- [Work instructions]: Without reproducing any image, print the listing below exactly.

-------- Records for processing

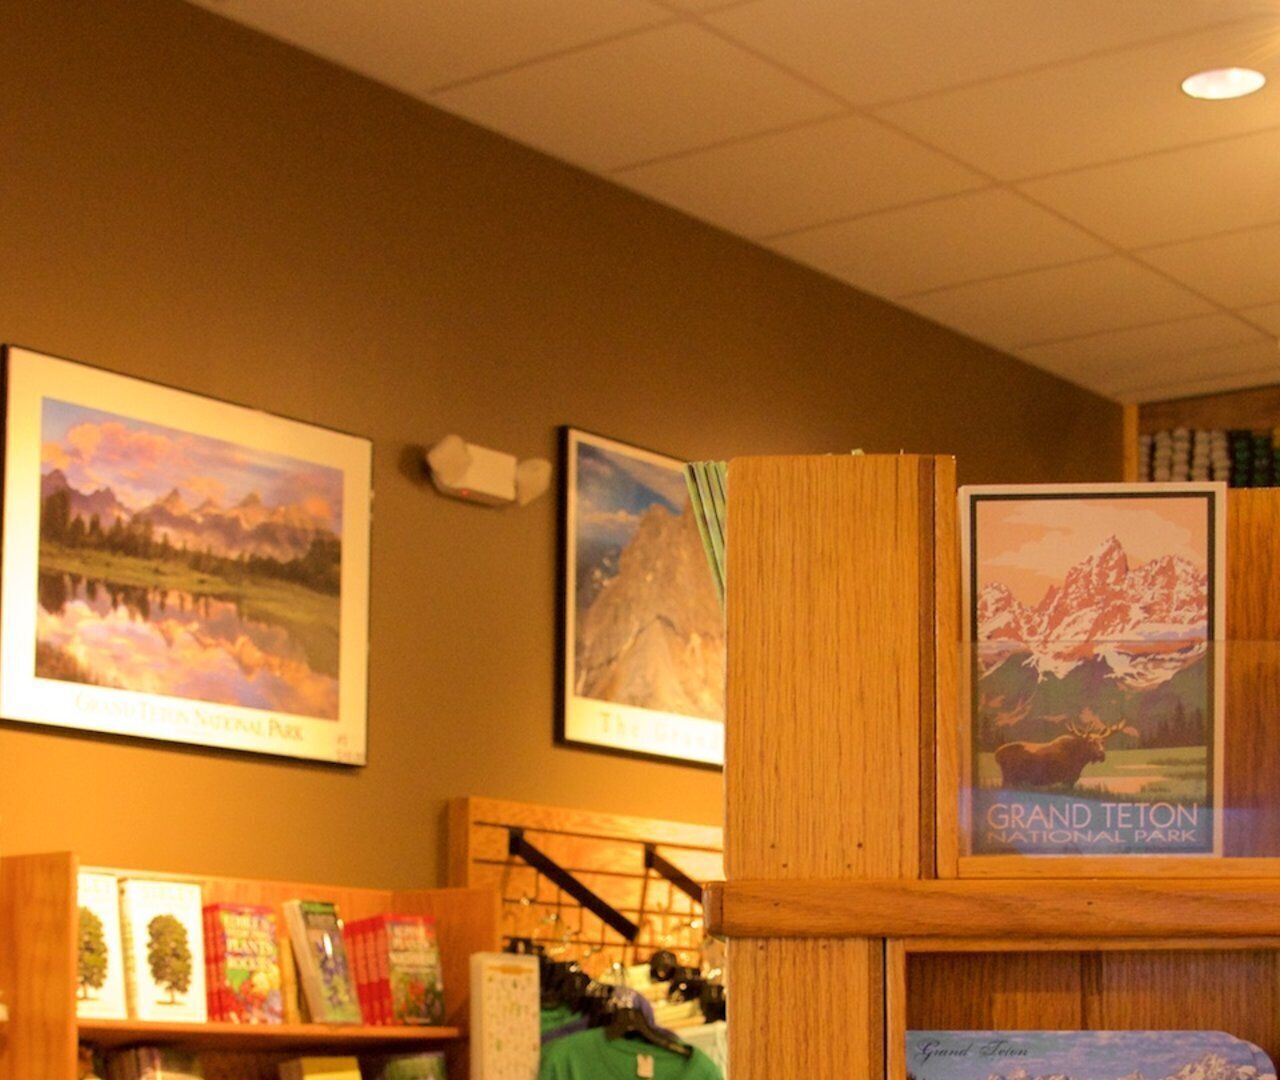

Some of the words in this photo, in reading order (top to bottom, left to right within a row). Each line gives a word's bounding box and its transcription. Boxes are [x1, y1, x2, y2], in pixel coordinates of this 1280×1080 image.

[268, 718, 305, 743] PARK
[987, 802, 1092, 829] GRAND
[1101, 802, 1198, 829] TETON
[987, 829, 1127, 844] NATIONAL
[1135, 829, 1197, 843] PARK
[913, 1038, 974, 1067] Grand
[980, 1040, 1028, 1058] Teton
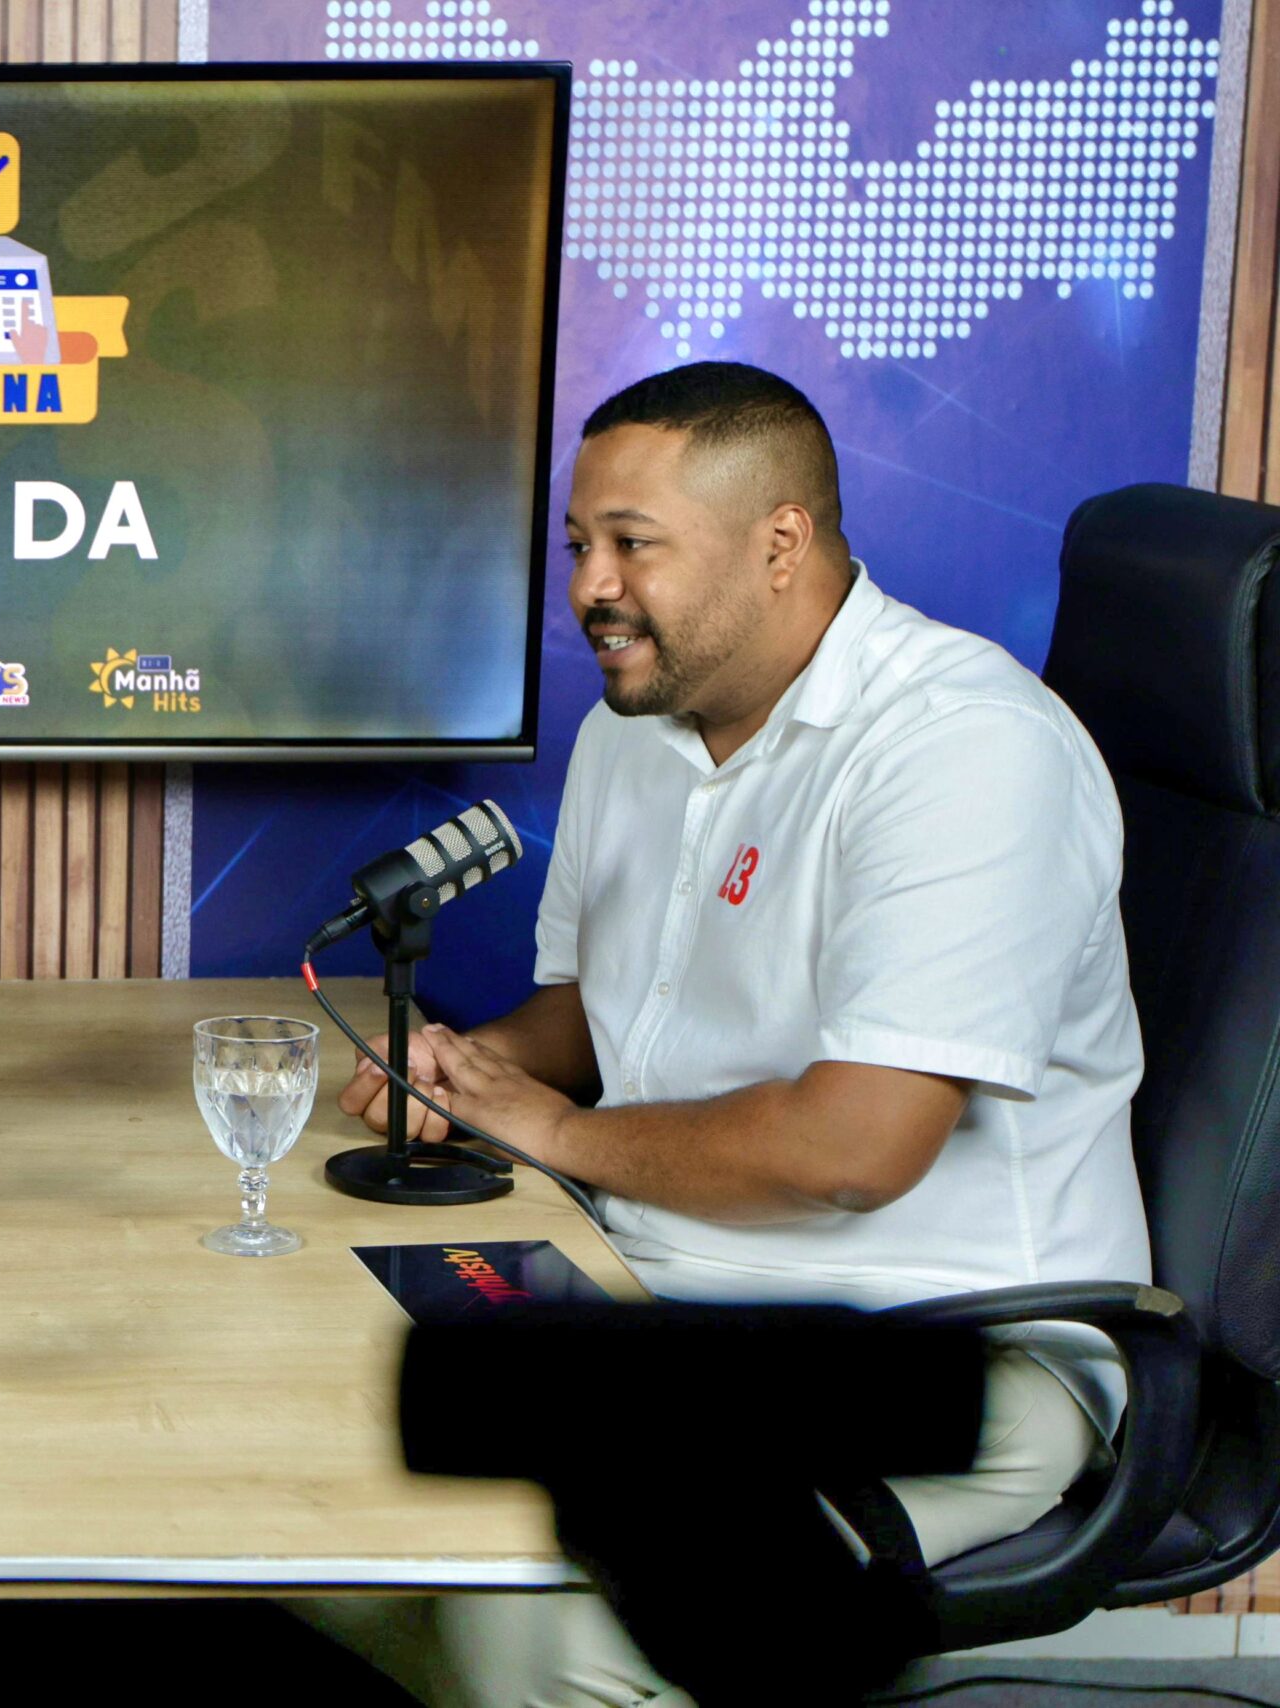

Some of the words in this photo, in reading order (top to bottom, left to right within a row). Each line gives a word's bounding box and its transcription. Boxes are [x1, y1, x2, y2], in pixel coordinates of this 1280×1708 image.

----------------

- [Result of the task]:
Some of the words in this photo, in reading order (top to bottom, left to right within a row). Each line gives a word's bounding box and its transcription. Boxes are [x1, y1, x2, y2], in pixel coordinates of this 1280×1080 image.

[268, 718, 305, 743] PARK
[987, 802, 1092, 829] GRAND
[1101, 802, 1198, 829] TETON
[987, 829, 1127, 844] NATIONAL
[1135, 829, 1197, 843] PARK
[913, 1038, 974, 1067] Grand
[980, 1040, 1028, 1058] Teton

Some of the words in this photo, in reading order (top to bottom, left to right within a row). Each line gives a word's bounding box and its transcription. Boxes are [x1, y1, x2, y2], in pixel coordinates of this 1280×1708 image.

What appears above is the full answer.